No, they didn’t stick a warning
label on FB when they sold it to us. They simply said, “Come. Click around.
Catch up with everybody. KEEP up with everybody! Isn’t this fun?” (And it is.)
But the counter not so fun part to that they didn’t warn you about was this
dull aching nudge of a feeling that I’m getting further and further behind on
things for wanting to go catch up more. It’s like our souls know we need each
other, but our real world lives are relegated to small snippets, and the craving
is ever growing.
(For the record, I have no answers; only
observations. But I am starting to draw a parallel. I have come to notice that my own silent
creeping state of overwhelm is in inverse proportion to the time I spend on
Facebook getting high off catching up with everyone else, though rest assured, I don’t
plan to stop anytime soon.)
Here’s hoping there’s another solution.
“TOGETHERNESS” ~ one word ~ Repeatedly I asked our class to pray for me to feel a sense of “Togetherness.” Repeatedly the preacher and classmates made jokes of my prayer request, my longing, my yearning, my aching for a feeling of “Togetherness.” My Daddy and Momma filled me with this fulfilling sense of togetherness, but somewhere along the way I had lost it. Togetherness is my name for what you are talking about in this blog. And you are right; Facebook does not help and may even hinder our fulfillment by reducing our sense of feeling “Togetherness.” Elliott Mellichamp
ReplyDeleteWow. Profound, Karlen. Thank you for putting this to...paper. (Haha.) I think you're spot on, especially your next to last graph. Oh, yes. I'm also concerned how it causes us to loose perspective of what's important. Were we really lifelong friends with a person at whom we pull the trigger and unfriend because all the sudden, now that we've reconnected in cyberspace, we unfriend them when we realize their religious or spiritual views or political leanings are different than our own? Are we perpetuating the extreme intolerance that's leading us to kill one another on battlefields and is there really any difference in the scheme of things?

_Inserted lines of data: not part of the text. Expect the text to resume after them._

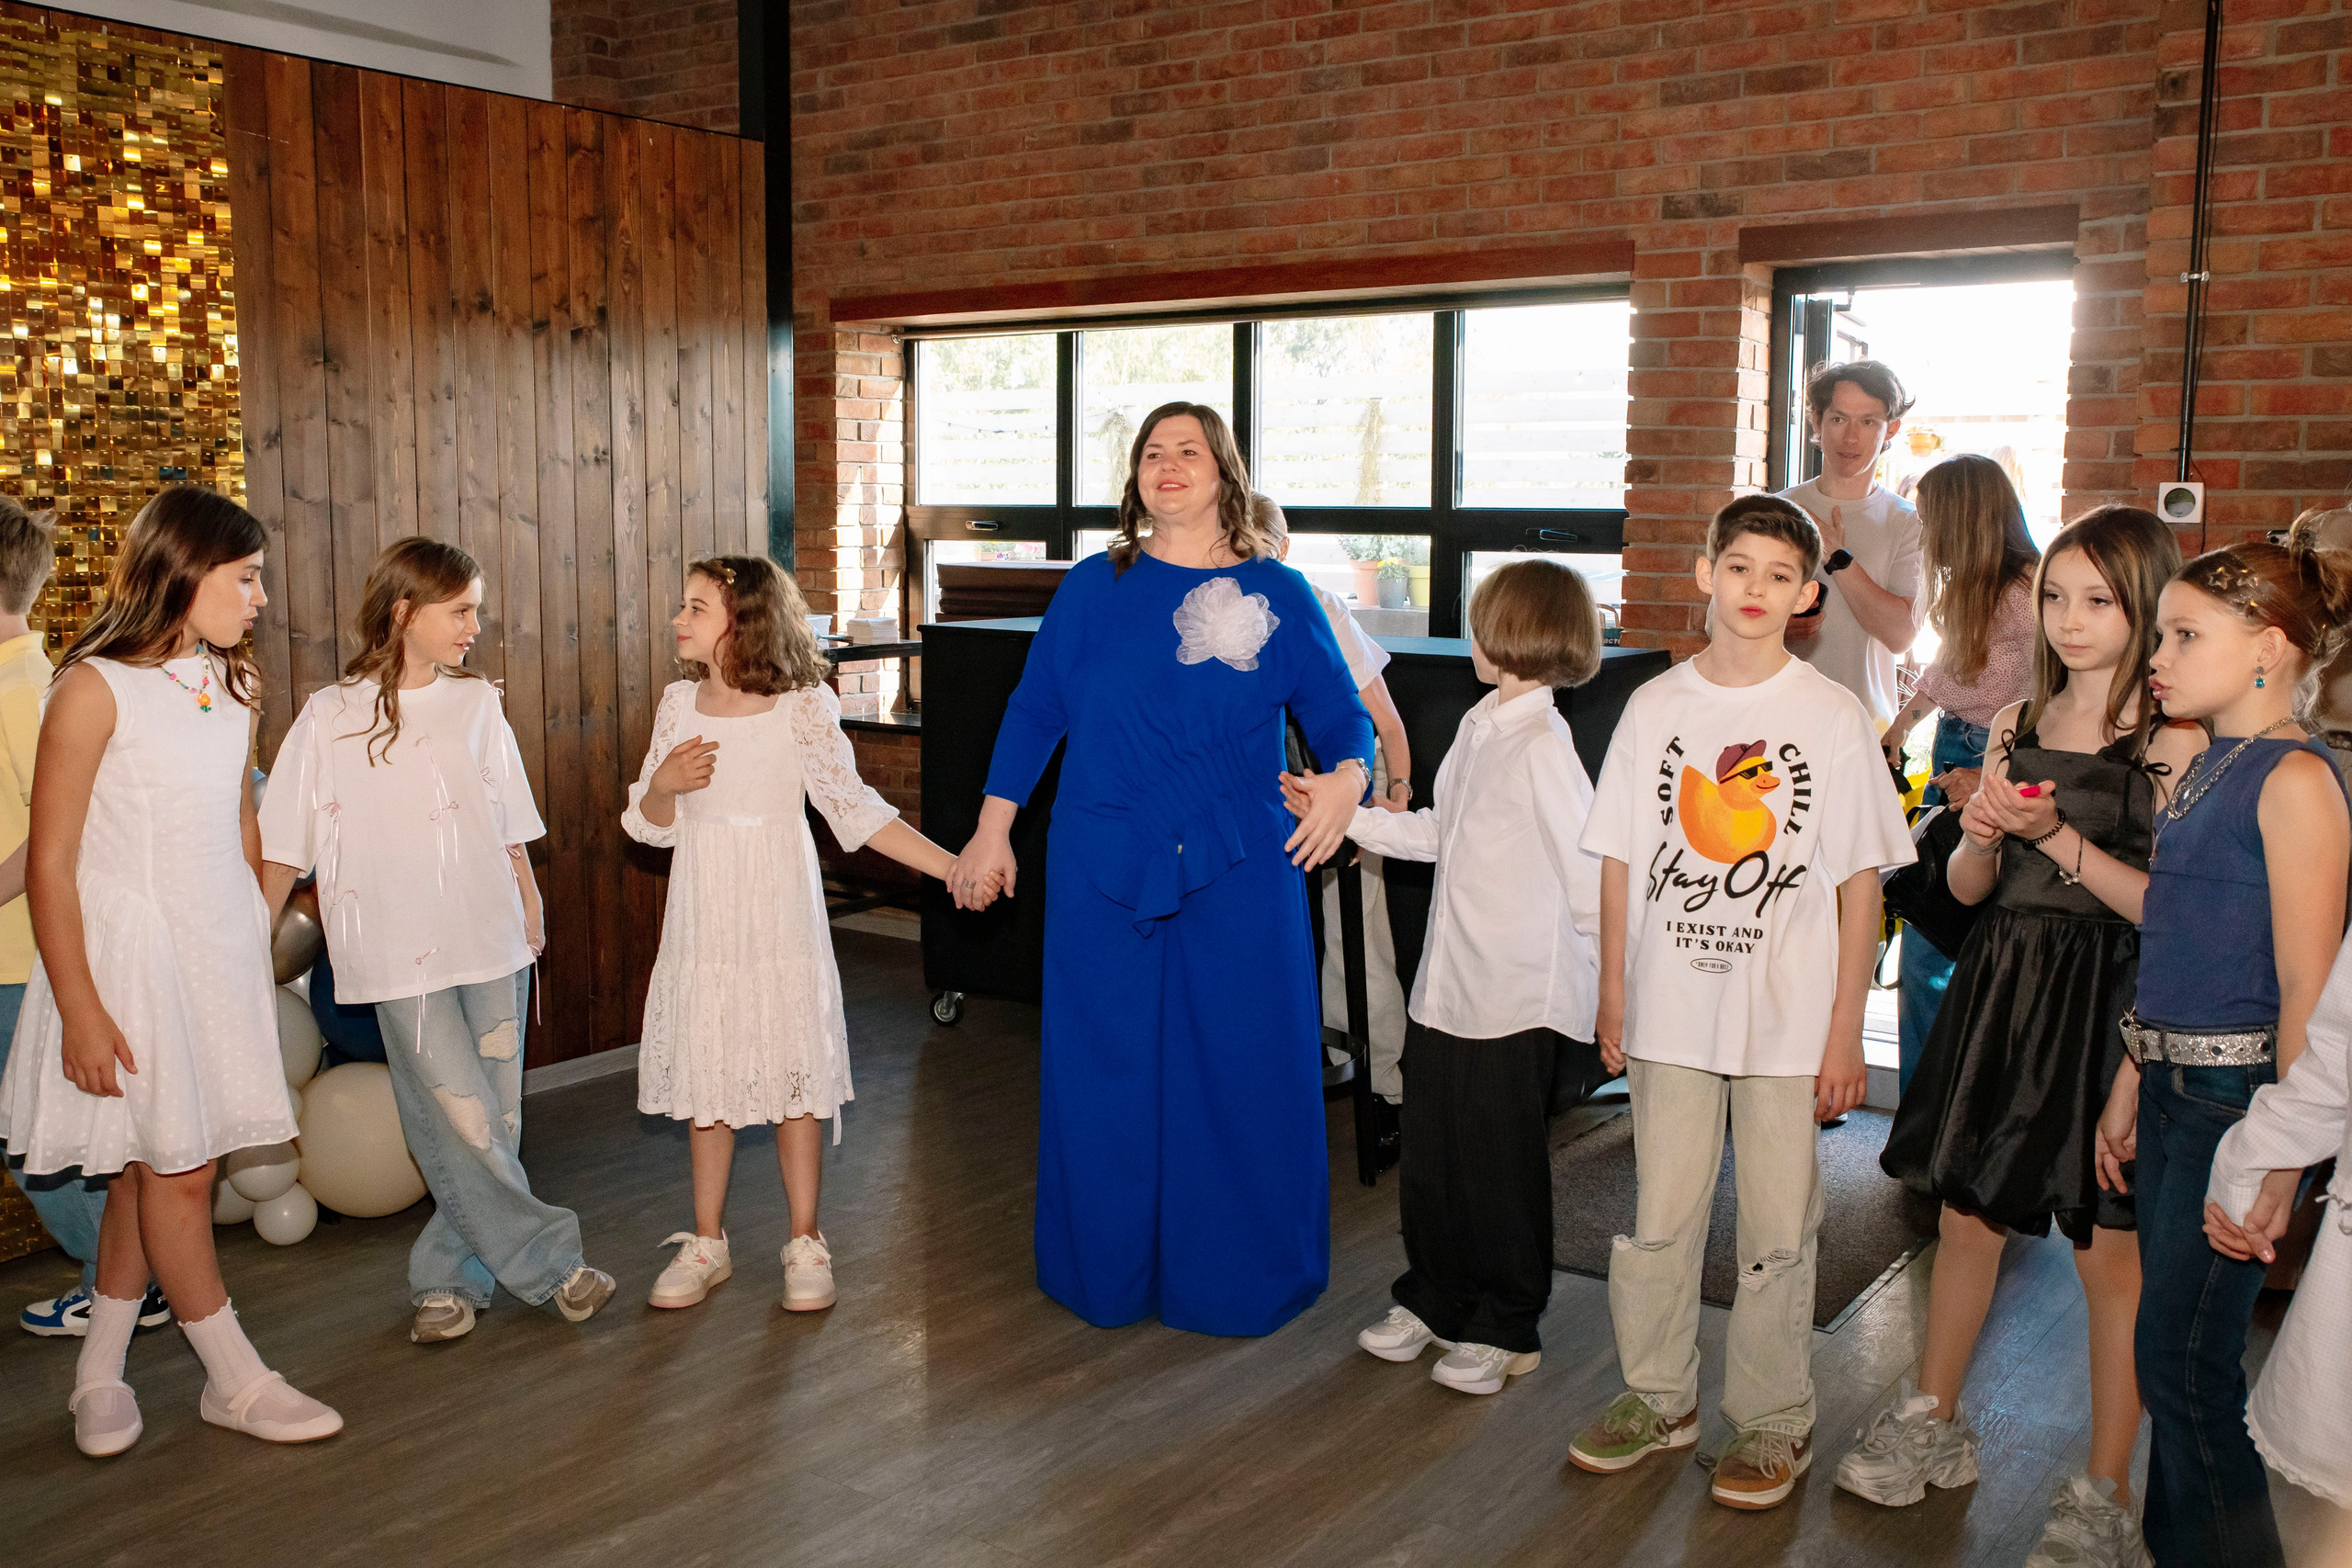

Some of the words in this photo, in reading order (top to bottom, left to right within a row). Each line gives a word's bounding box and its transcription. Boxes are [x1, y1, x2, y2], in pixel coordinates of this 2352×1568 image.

[1657, 736, 1685, 826] SOFT
[1779, 743, 1812, 835] CHILL
[1646, 840, 1718, 913] Stay
[1724, 850, 1807, 919] Off
[1666, 920, 1672, 931] I
[1676, 921, 1727, 937] EXIST
[1731, 927, 1764, 940] AND
[1676, 936, 1710, 951] IT'S
[1715, 940, 1756, 954] OKAY
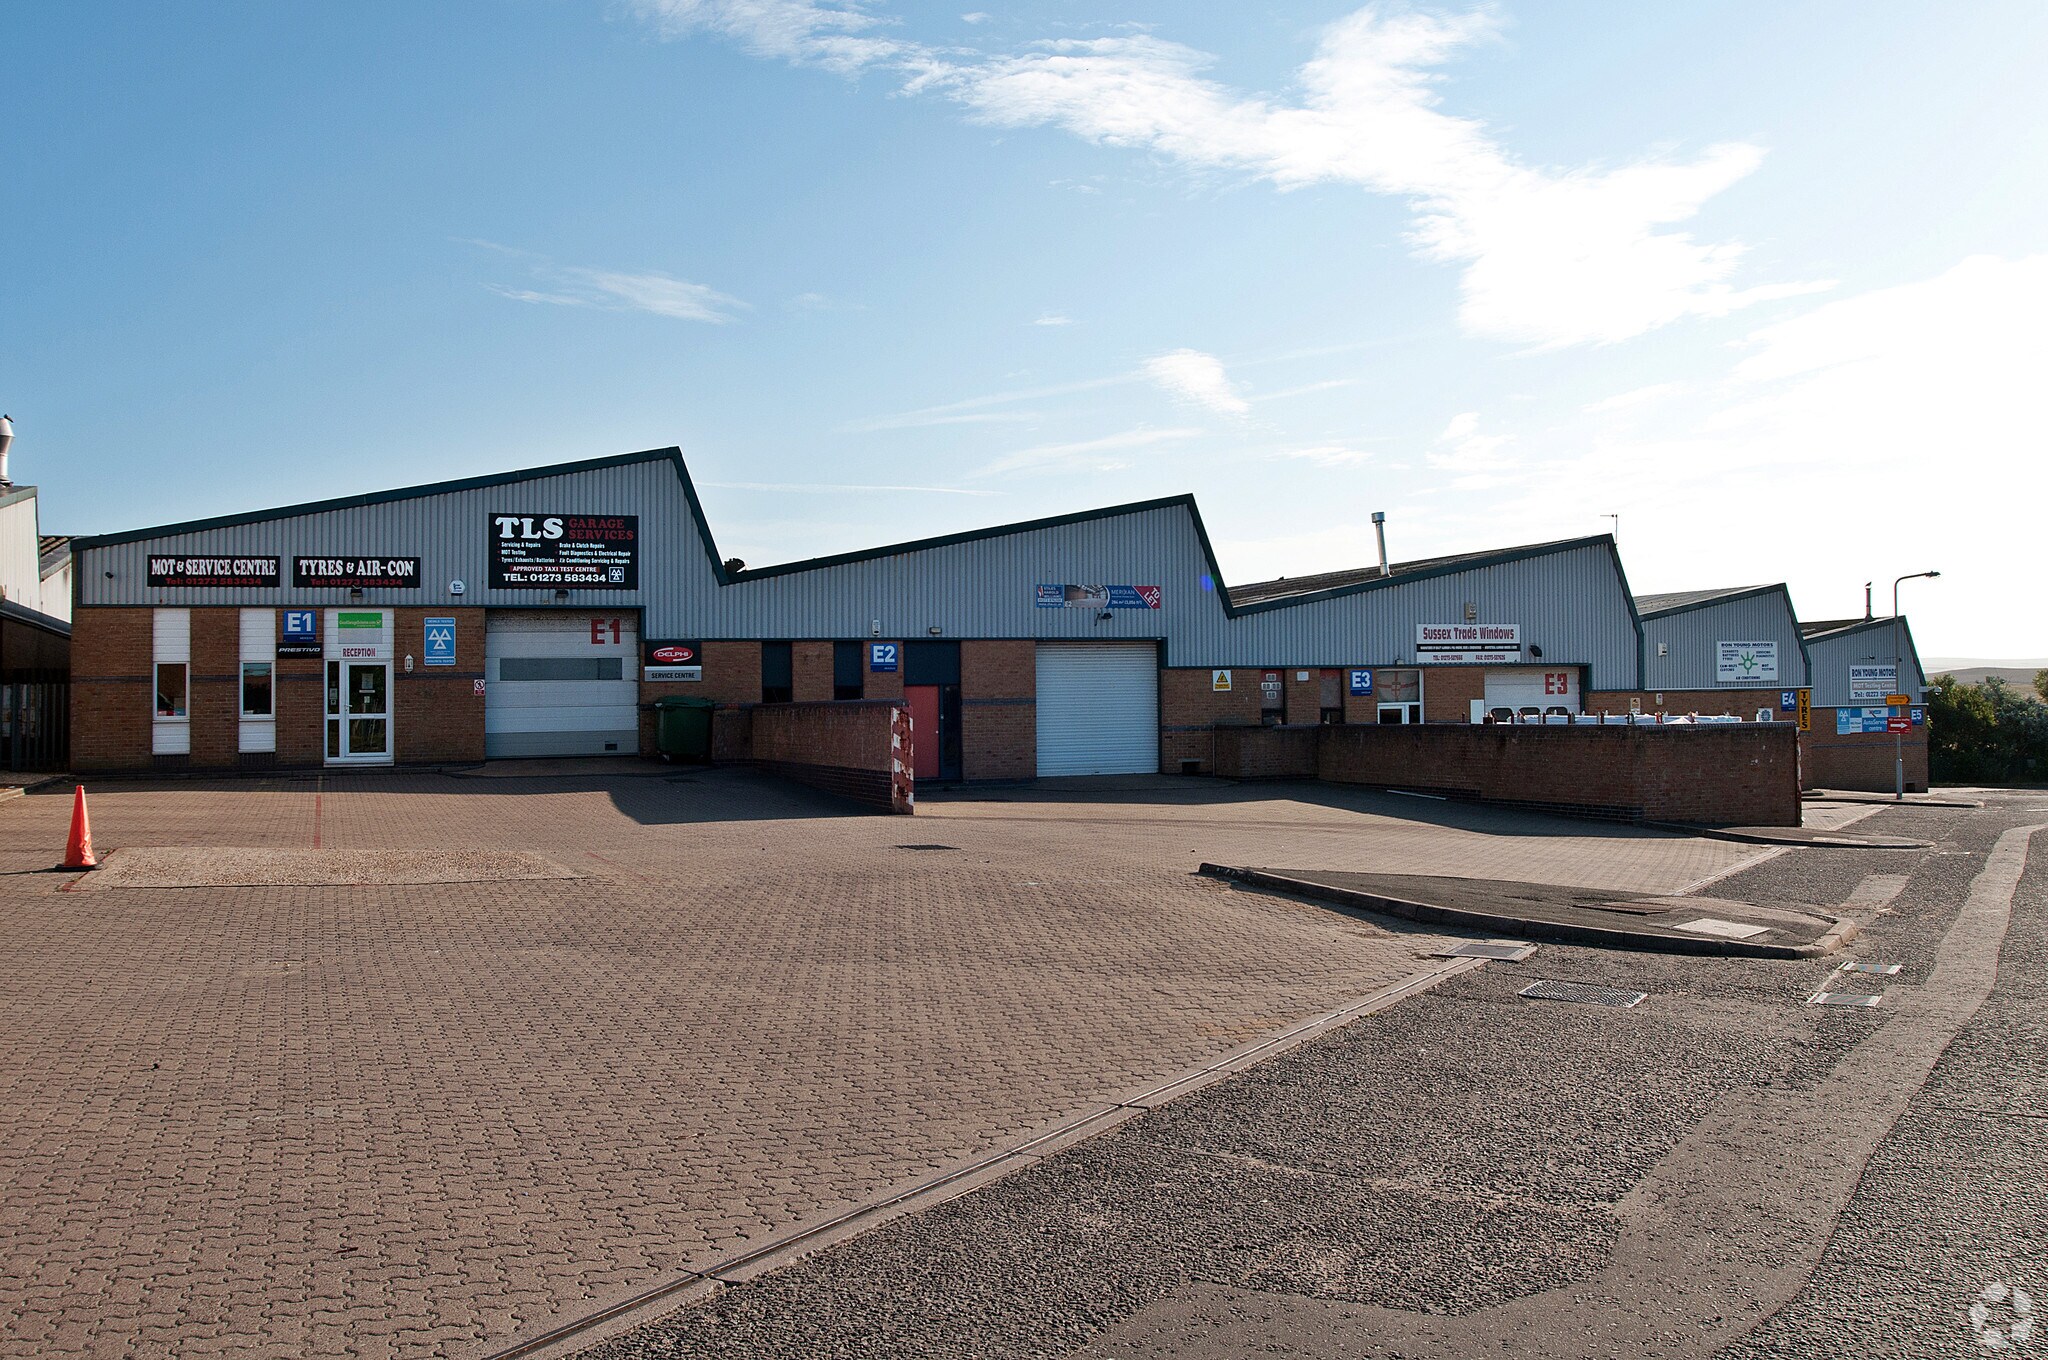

ReplyDeleteI've shared this post with snippets on Facebook and I"m going to share it on several other platforms.
And, ha, I'm one of those who've lined up to come see you per your dear cousin Joanna's suggestion with Ken Wheaton, whom I've worked with as my spiritual mentor for the last three years. But honestly, three years have passed since she began suggesting that and I've not figured out the time I could come if you said yes. Love you. You are awesome and so beautiful from out to all the way into your core. I miss seeing you. Much, much has happened in the last seven years since we met. My journey has taken me far and flipped me into the air in the meantime. I've landed on so much more solid ground.